Mirai opened in 456 theaters in Japan on July 20 and sold 295,000 tickets for 500 million yen (about US$4.5 million). It earned 400 million yen (about US$3.59 million) of that amount on Saturday and Sunday. The film opened just behind Jurassic World: Fallen Kingdom, which was on its second weekend of screenings. In comparison, Hosoda's The Boy and The Beast anime film earned 667,035,100 yen (about US$5.4 million) in its opening weekend.
With some critical reviews, Hiromasa Yonebayashi's Mary and The Witch's Flower anime film earned a total of more than 3.29 billion yen (about US$30 million) at the box office. The fantasy film opened at around the same time of the year as Mirai, and like Mirai, TOHO distributed it. Even if the new anime film receives somewhat unfavorable reviews, it is still expected to earn at least 3 billion yen (about US$27 million). The expected earnings prove the entertainment industry's strength when it comes to non-series anime films geared toward all ages that TOHO distributes in the first half of summer vacation.
Still, Studio Ghibli films, expecially those of Hayao Miyazaki, dominated the list of such TOHO works up until the release of When Marnie Was There in 2014. Of course, Miyazaki's works through the release of his most recent film The Wind Rises in 2013 took precedence above all else in that TOHO release slot. Such anime films are now inevitably evaluated in terms of their status as "post-Hayao Miyazaki works."
This year is the fifth since the release of Miyazaki's last work, and the situation surrounding these so-called "post-Hayao Miyazaki works" constantly changes. When Marnie Was There, which was the final work Yonebayashi directed for Studio Ghibli, was seen as a comparative failure after its release. Hosoda's The Boy and The Beast fought to make a name for itself in 2015. Then, a major upheaval began to hit the anime film industry from summer to fall of 2016.
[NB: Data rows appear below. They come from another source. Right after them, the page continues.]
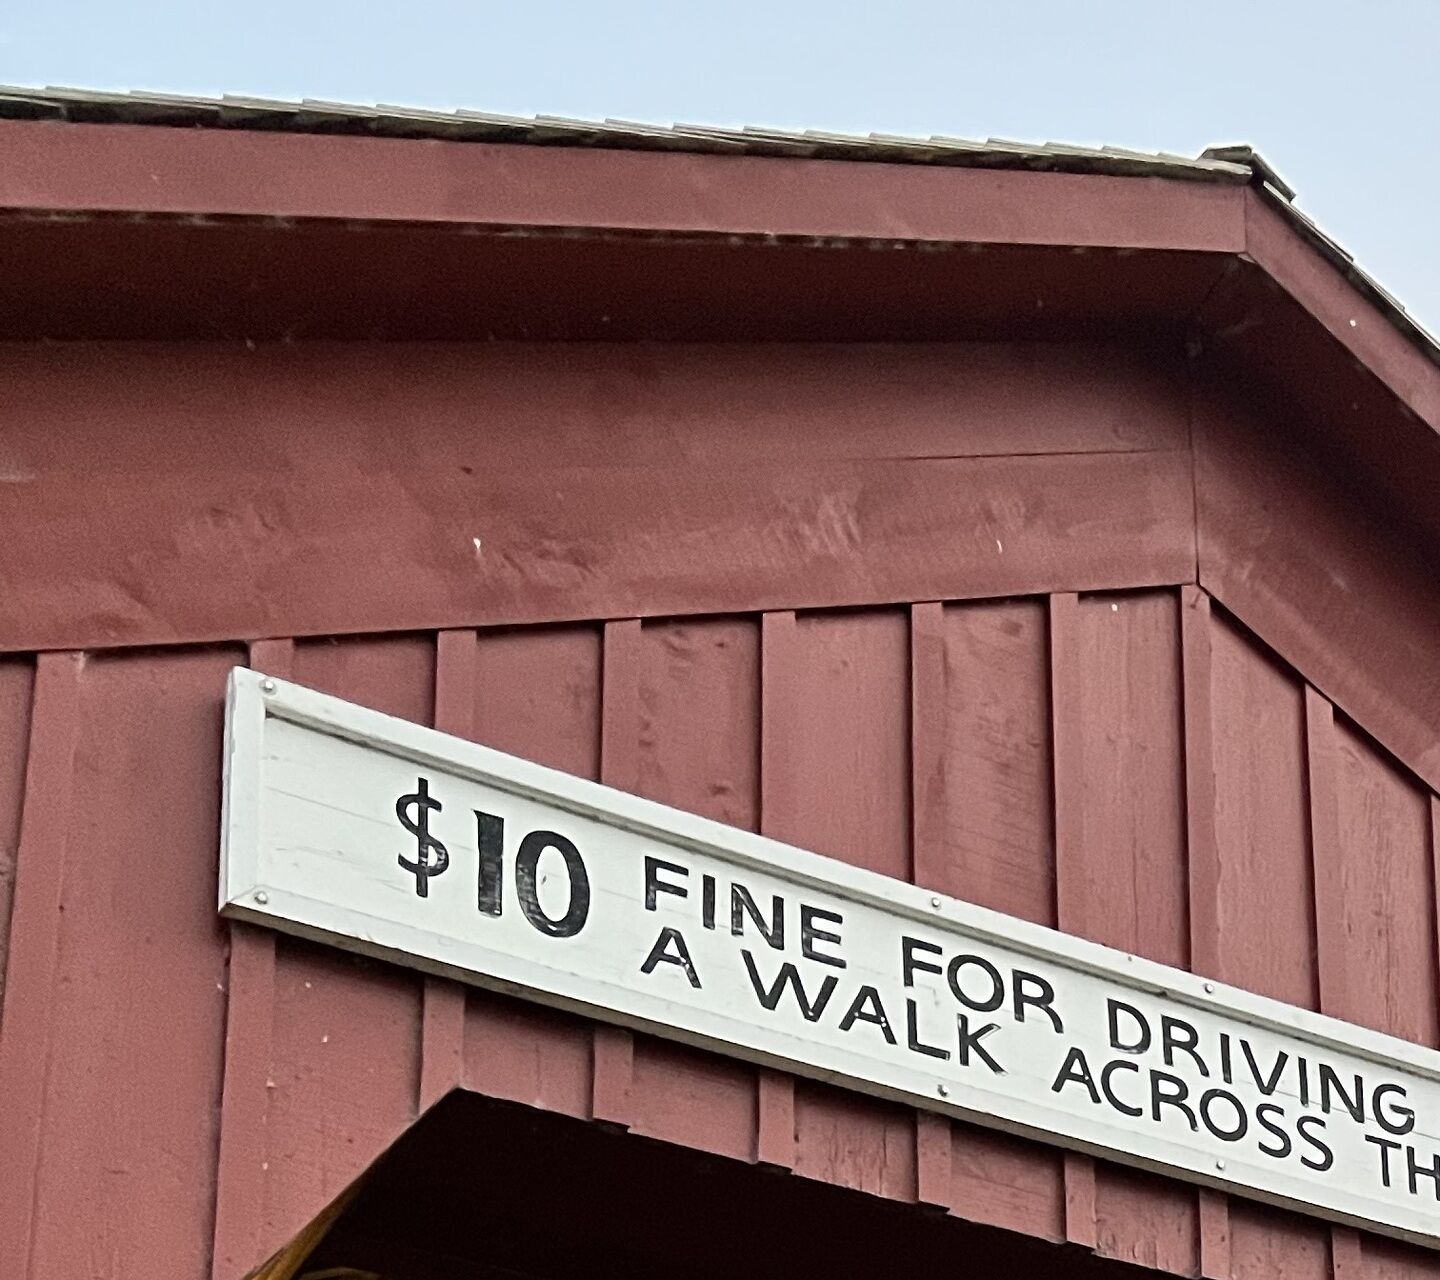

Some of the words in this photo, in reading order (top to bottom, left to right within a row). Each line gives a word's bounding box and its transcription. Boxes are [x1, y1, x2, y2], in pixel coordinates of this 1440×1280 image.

[395, 776, 591, 938] $10
[644, 855, 848, 969] FINE
[901, 935, 1064, 1035] FOR
[1107, 998, 1415, 1136] DRIVING
[640, 926, 703, 989] A
[740, 949, 1006, 1074] WALK
[1051, 1046, 1334, 1172] ACROSS
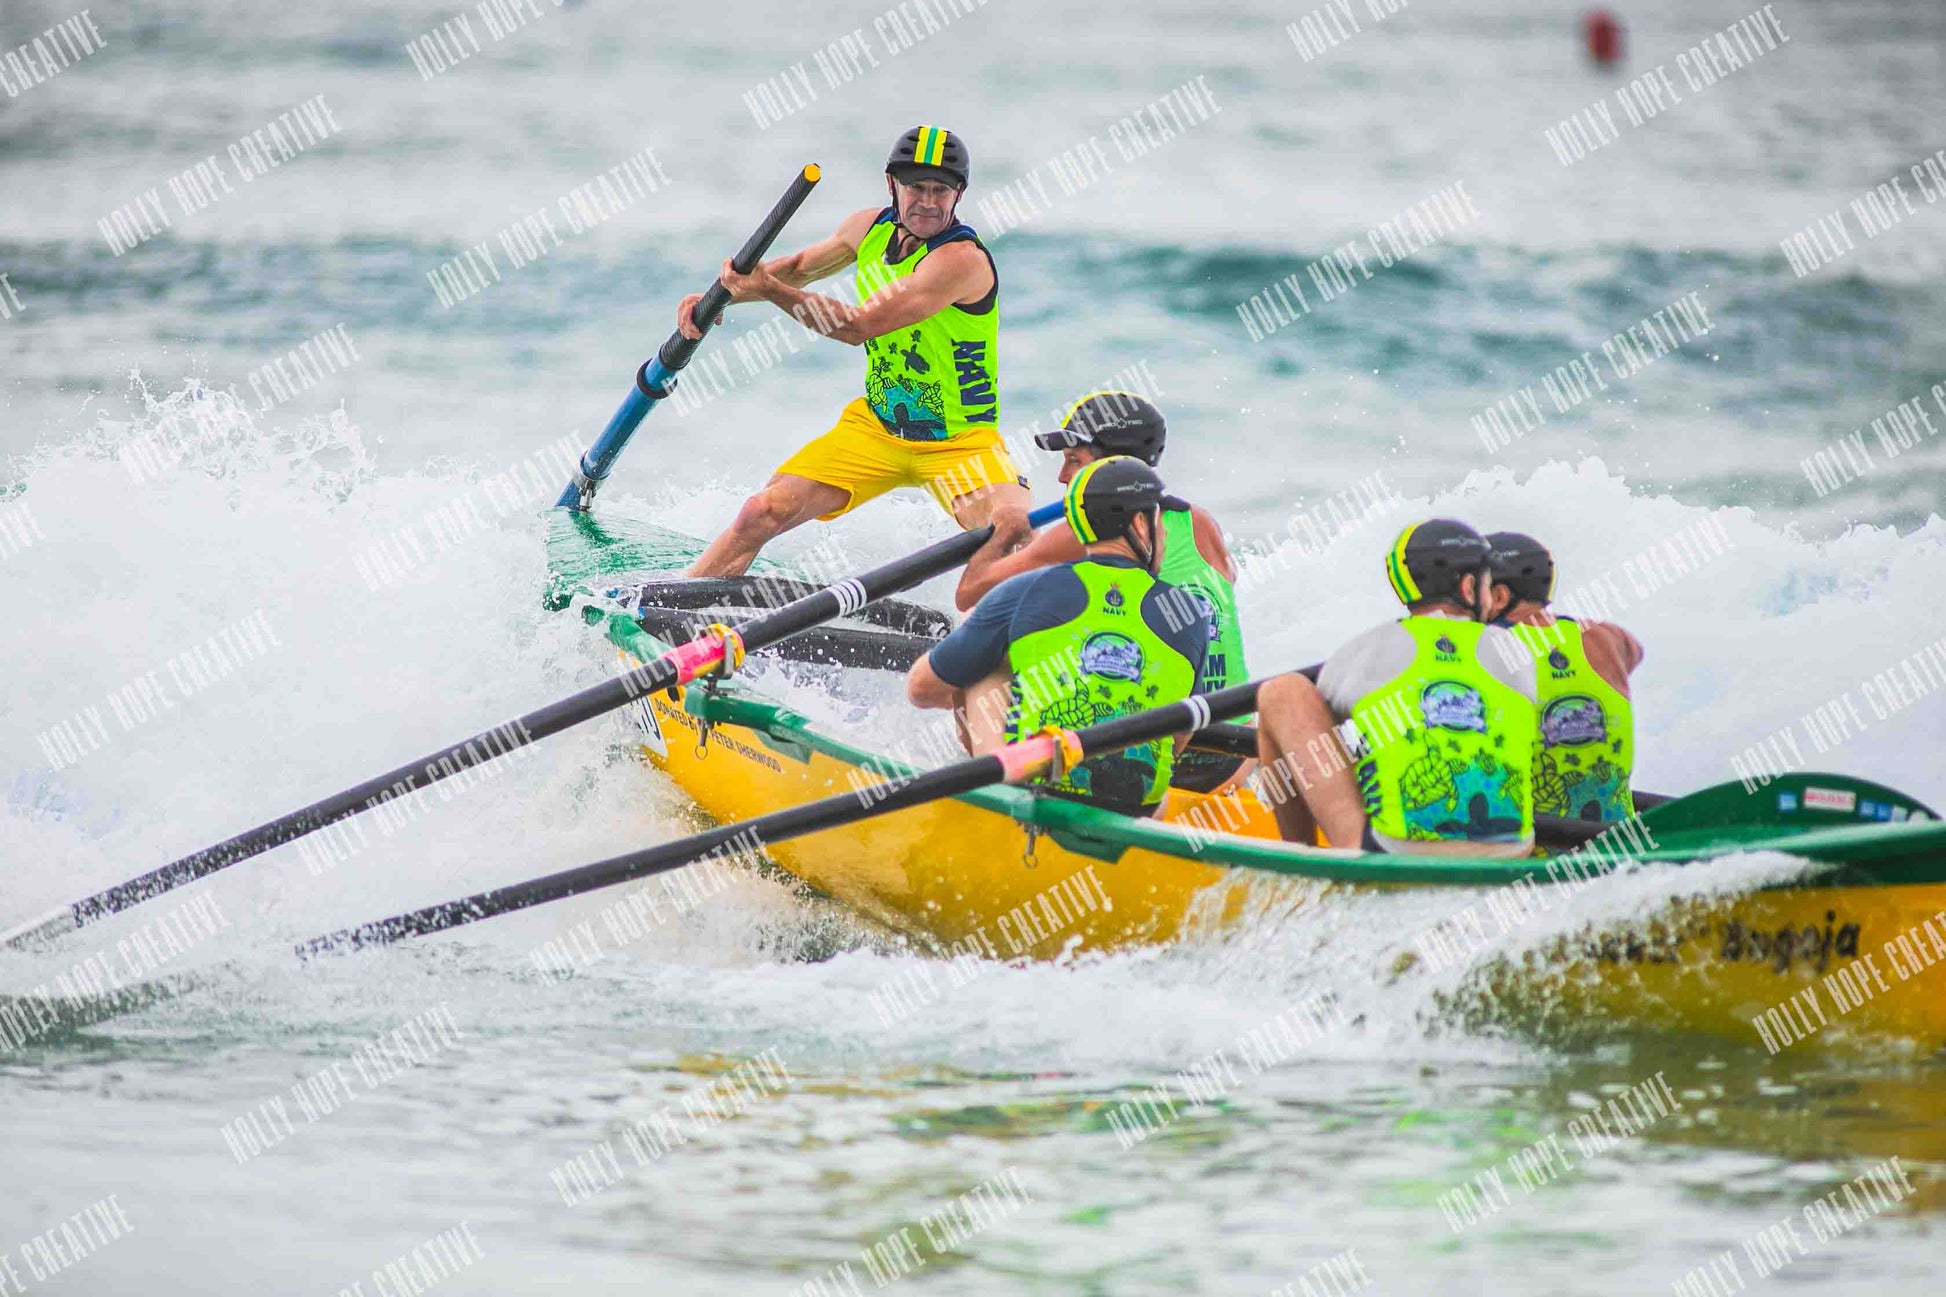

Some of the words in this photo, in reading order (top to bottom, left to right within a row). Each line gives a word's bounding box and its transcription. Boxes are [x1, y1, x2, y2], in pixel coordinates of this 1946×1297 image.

[951, 339, 998, 422] NAVY
[1102, 606, 1127, 616] NAVY
[1435, 654, 1462, 664] NAVY
[1551, 669, 1577, 680] NAVY
[655, 697, 688, 727] DONATED
[710, 727, 735, 750] PETER
[734, 740, 782, 773] SHERWOOD
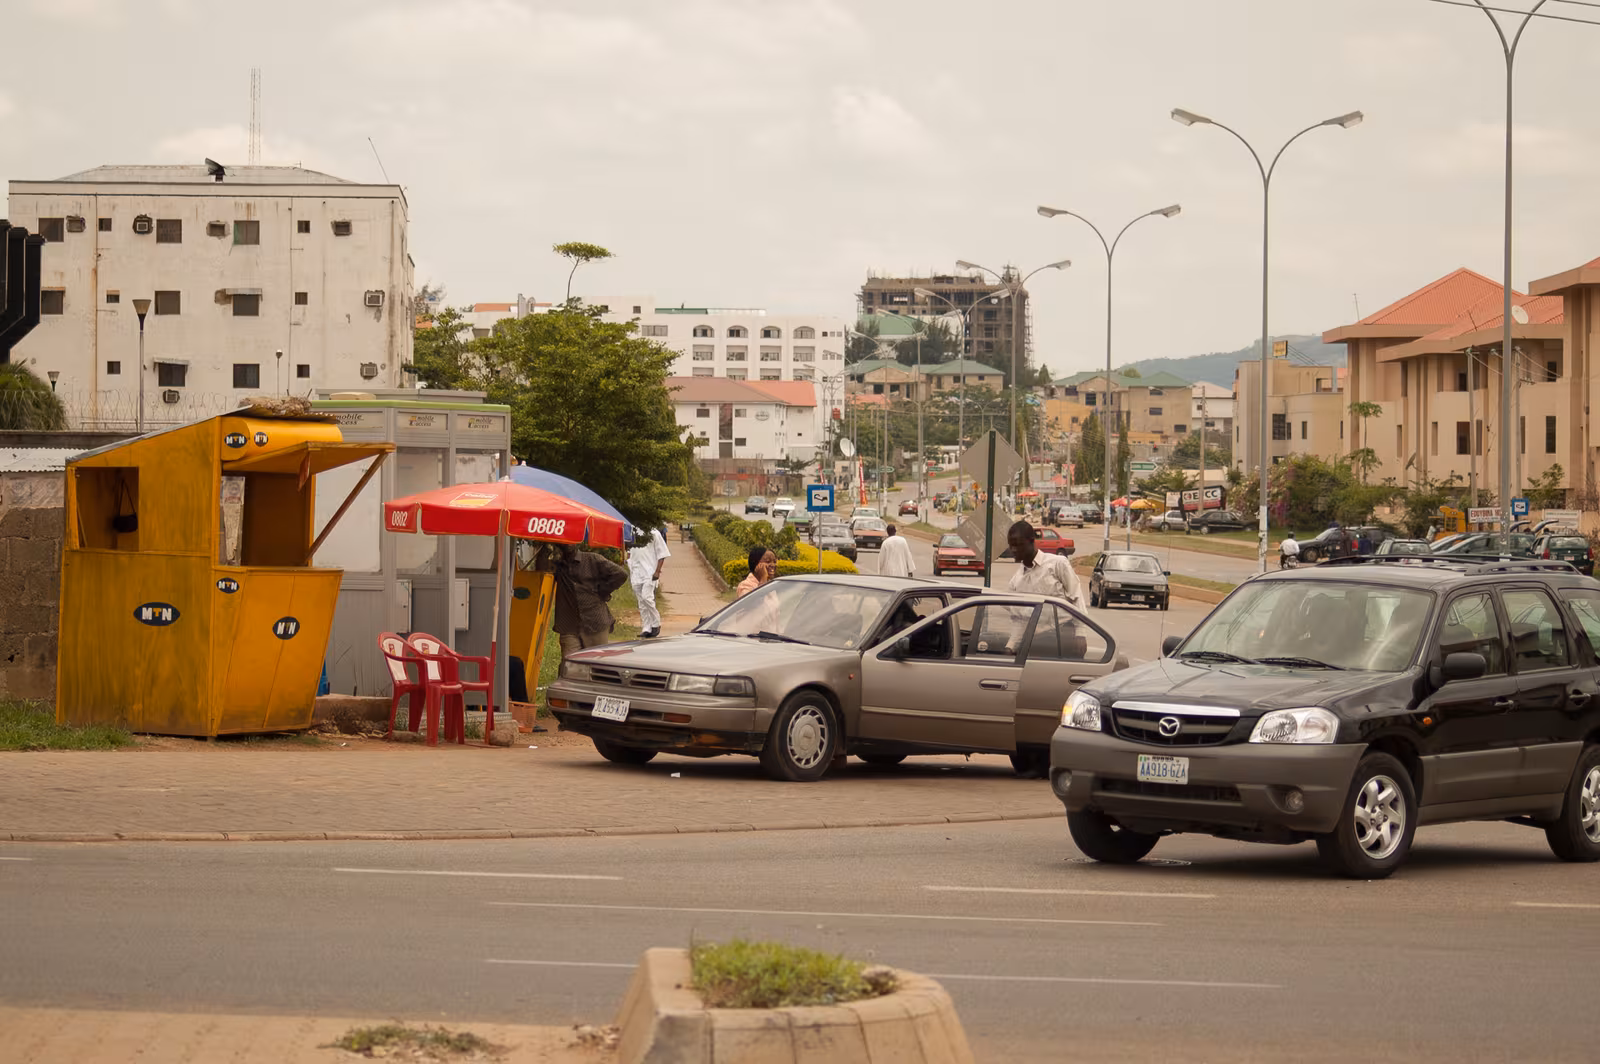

Evangelion director Hideaki Anno's live-action film Shin Godzilla became a huge success, and Makoto Shinkai's your name. became a global phenomenon. Miyazaki announced he was returning from retirement to make the new Kimi-tachi wa Dō Ikiru ka (How Do You Live?) film, which is tentatively slated for completion in 2019.
With that kind of sensational atmosphere, the impact of 2017's Mary and The Witch's Flower and this summer's Mirai is comparatively small. Directors such as Yonebayashi and Hosoda have found themselves in difficult situations as the wave of "post-Hayao Miyazaki works" continues.
It remains to be seen whether Miyazaki will be able to hit the target of opening his new anime film in 2019. Studio Ghibli co-founder and producer Toshio Suzuki has denied that the film will open next year. Meanwhile, anticipation is building over Anno's new Shin Evangelion Gekijō-ban :|| film, the fourth and final in the series, which will open in 2020. Fans are also eagerly waiting for news of Shinkai's next work. Nothing is certain yet, but 2017 and 2018 may mark a low point for non-series anime films geared toward all ages that TOHO distributes in the first half of summer vacation.